Governor of Sabzavār
- Tenure: 1568–1574
- Born: 1540
- Died: 1577 (aged 36–37)
- Spouse: Gohar Sultan Begum
- Issue: Goharshad Begum
- Dynasty: Safavid
- Father: Bahram Mirza Safavi
- Mother: Zaynab Sultan Khanum
- Religion: Twelver Shia Islam

= Ibrahim Mirza =

Safavid prince (1540–1577)

Ibrahim Mirza, Solṭān Ebrāhīm Mīrzā, in full Abu'l Fat'h Sultan Ibrahim Mirza (ابوالفتح سلطان ابراهیم میرزا; April 1540 – 23 February 1577) was a Safavid prince who was a favourite of his uncle and father-in-law Shah Tahmasp I, but who was executed by Tahmasp's successor, Shah Ismail II. Ibrahim is now mainly remembered as a patron of the arts, especially the Persian miniature. Although most of his library and art collection was apparently destroyed by his wife after his murder, surviving works commissioned by him include the manuscript of the Haft Awrang of the poet Jami which is now in the Freer Gallery of Art in Washington D.C.

==Biography==
Ibrahim Mirza was a grandson of the founder of the Safavid dynasty, Ismail I (1487–1524) by Ismail's fourth son, prince Bahram Mirza Safavi (1518–1550), who was governor of Khorasan (1529–32), Gilan (1536–37) and Hamadan (1546–49), and also a commissioner of manuscripts. Two of his uncles and two of his brothers rebelled against Ismail's successor, Tahmasp I. Ibrahim Mirza, however, who grew up at court, was a long-time favourite of Tahmasp, and remained loyal, and was appointed governor of Mashhad at the age of 16, arriving there in March 1556. The appointment had a nominal element — Tahmasp himself had received his first governorship at the age of four — but was also political, connected to Ibrahim Mirza's mother, who came from the Shirvanshah dynasty.

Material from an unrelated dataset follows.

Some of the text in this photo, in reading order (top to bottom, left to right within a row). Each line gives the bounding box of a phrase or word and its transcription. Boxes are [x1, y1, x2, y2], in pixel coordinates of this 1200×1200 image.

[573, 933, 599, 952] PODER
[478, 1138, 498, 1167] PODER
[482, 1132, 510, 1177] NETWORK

In 1560, he married Tahmasp's eldest daughter by a concubine, Gohar Sultan Begum (died 1577); they had one daughter, Gawhar Shad Begum (died 1587). Around the end of 1562 he was travelling to Ardabil to take up the governorship there, when he was reported to the shah for his reaction to a joke that angered the shah, and the appointment was switched to the much less important governorship of Qa'en, in Khorasan. In 1564 and 1565, he had to suppress a major tribal revolt of the Takkalu, who used a slave army numbering 10,000.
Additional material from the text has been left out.